Los pueblos cazadores habitaron con preferencia las zonas llanas, y se extendieron desde Tierra del Fuego hasta el Chaco y la Banda Oriental, al tiempo en que por el Noroeste llegaban hasta el borde oriental de Tucumán y Salta. Su organización y estado cultural eran muy primitivos.

Entre ellos, los guaycurúes y los lules se destacaban por su temperamento guerrero y agresividad, en tanto que los indios patagónicos fueron tenidos casi siempre por pacíficos.

Los pobladores de la Patagonia y la pampa eran básicamente monoteístas. Creían en un ser supremo que vivía en el cielo y daba a los hombres la vida y la muerte, el bien y el mal. Una multitud de espíritus menores, generalmente malignos, regían los fenómenos naturales.

También creían en otra vida, y en la supervivencia del alma. Su religión no incidía visiblemente en su organización social, limitada a formas familiares, generalmente sin clanes ni jefes tribales. Los cazadores de la zona tropical tenían una religión con vestigios de tipo mitológico.

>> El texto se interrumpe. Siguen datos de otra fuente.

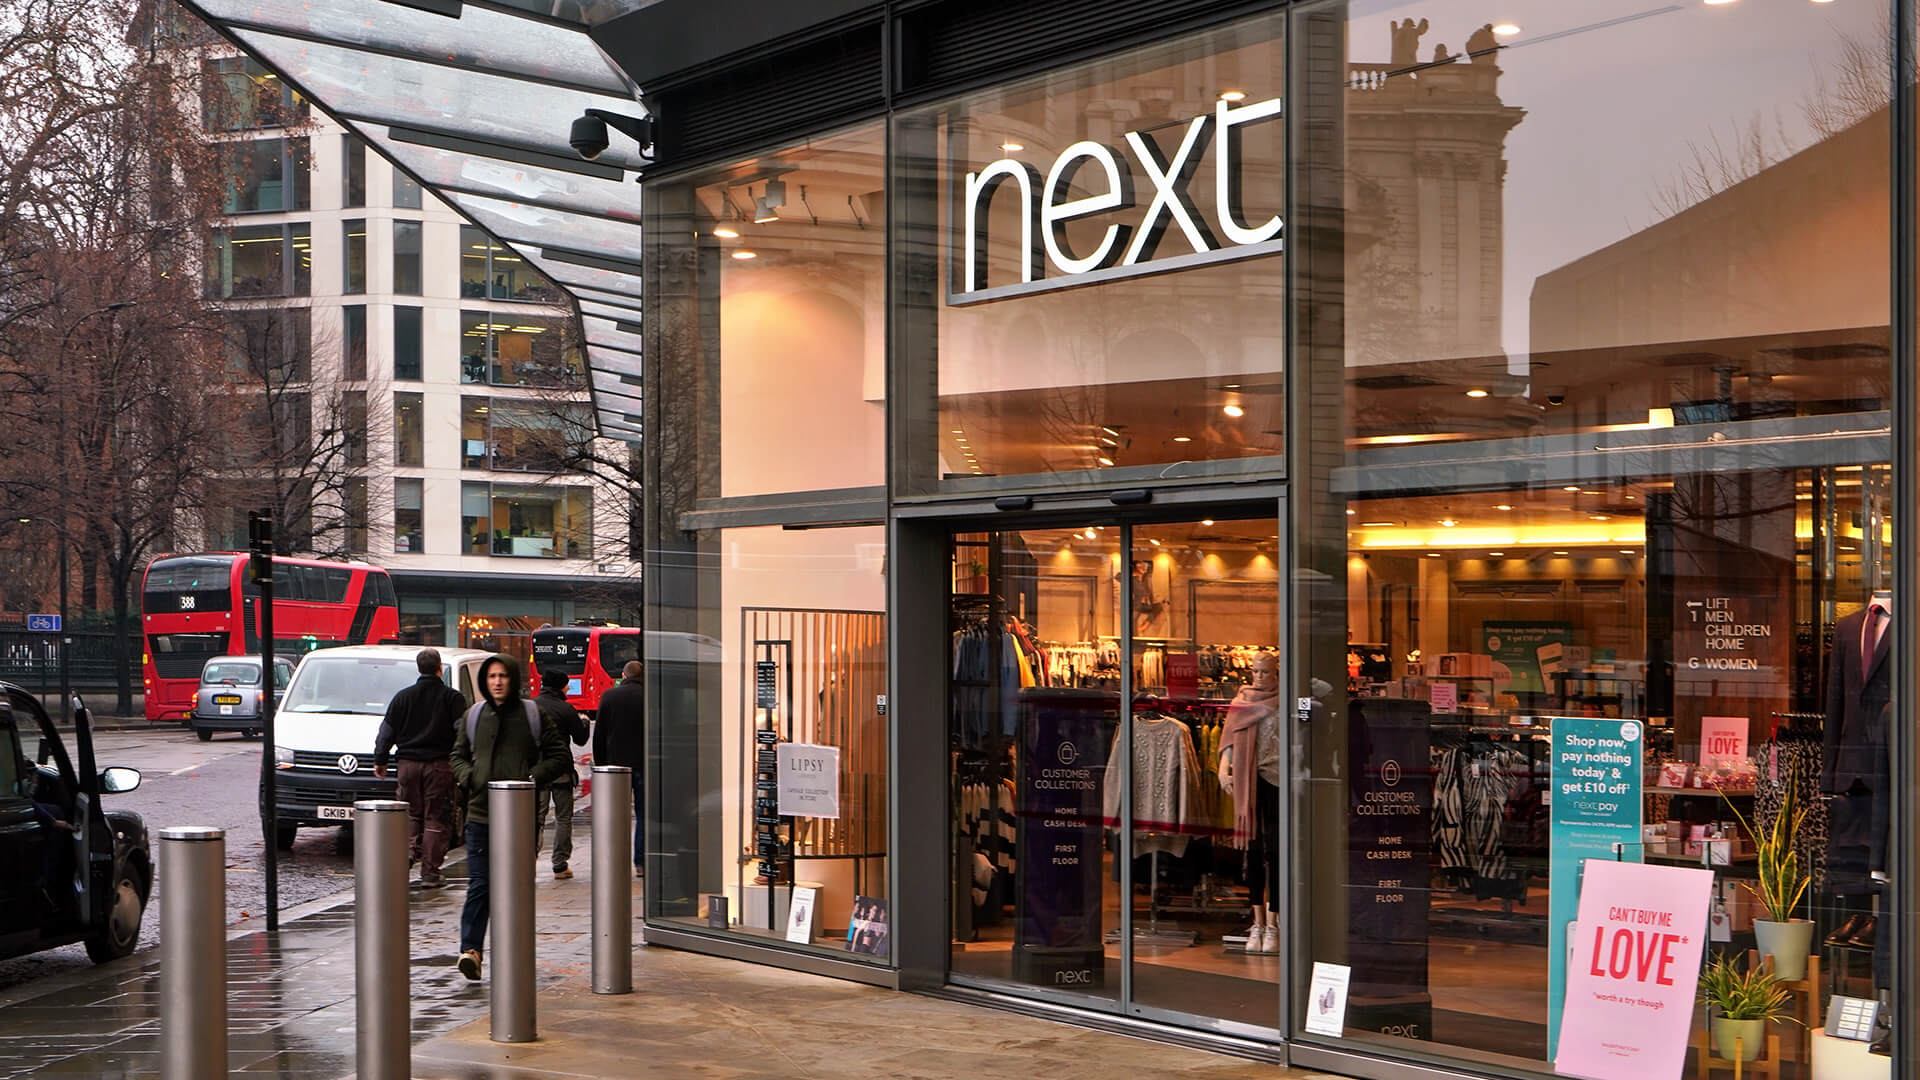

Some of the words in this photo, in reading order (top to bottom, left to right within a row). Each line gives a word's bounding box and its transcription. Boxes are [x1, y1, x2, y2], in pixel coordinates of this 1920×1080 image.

El grado inferior de cultura de estos pueblos, el hecho de que habitaron en regiones a las que el hombre blanco llegó tardíamente -pampa bonaerense y Patagonia- o donde se asentó sólo transitoriamente -Chaco- y el frecuente estado de guerra que muchos de ellos mantuvieron con el europeo, hicieron que su aporte cultural y étnico a la futura sociedad que los españoles comenzaban a desarrollar en el país fuese prácticamente nulo.

La fisonomía de los pueblos agricultores era más variada. Geográficamente pueden distinguirse dos grupos: el serrano, que se extendía desde Mendoza y Córdoba hasta Jujuy, y el mesopotámico-paraguayo, al que debe adscribirse el pueblo mataco, instalado en las márgenes del río Bermejo.

Poseían una técnica agrícola primitiva, centrada en el cultivo del maíz. Los hubo pacíficos, como los huarpes y los carios, y altamente guerreros, como los agaces, los calchaquíes y los omaguacas. Estos últimos se distinguían por su organización general y la existencia de un jefe hereditario en cada aldea.

Poseían la técnica de la cerámica y del tejido, al igual que los tonovotés y los cananos.

El grupo serrano-cordillerano reconocía, en el aspecto religioso, la influencia peruana. Adoraban al Sol y tenían cultos totémicos.

Los pueblos guaraníes reunían varios subgrupos que eran bastante diversos entre sí. Uno de ellos, los carios, que se destacaban por su mayor cultura y pacifismo, hicieron posible con su actitud el establecimiento de los españoles en el Paraguay y participaron intensamente en el proceso de mestización con los blancos en esta parte de América.

Las tribus del Noroeste, a causa de su belicosidad, participaron en grado mucho menor en ese proceso de mestizaje, pero éste existió también y dejó sus trazas étnicas, a diferencia de lo ocurrido con los pueblos cazadores.

Una consideración aparte merece el pueblo araucano. A horcajadas sobre la cordillera sur, tuvo su centro de gravedad en Chile y se extendió por Neuquén y el Sur de Mendoza. Guerreros y tejedores, estaban organizados en clanes y aldeas. Creían en un ser supremo, como los indios patagónicos, pero, a diferencia de estos, el shaman o brujo tenía una gran importancia en su vida colectiva.

Los que habitaban el lado oriental de la cordillera llevaron una vida más primitiva y orientada parcialmente hacia la caza. Mantuvieron siempre un activo movimiento a través de los Andes y poco a poco fueron extendiéndose hacia el Oriente, desalojando y en parte absorbiendo a los indios pampas, hasta llegar a ejercer -hacia el siglo XIX-, una especie de hegemonía.

Tempranamente poseedores del caballo y conocedores de las costumbres del hombre blanco, se transformaron en tenaces enemigos de éste a ambos lados de la cordillera.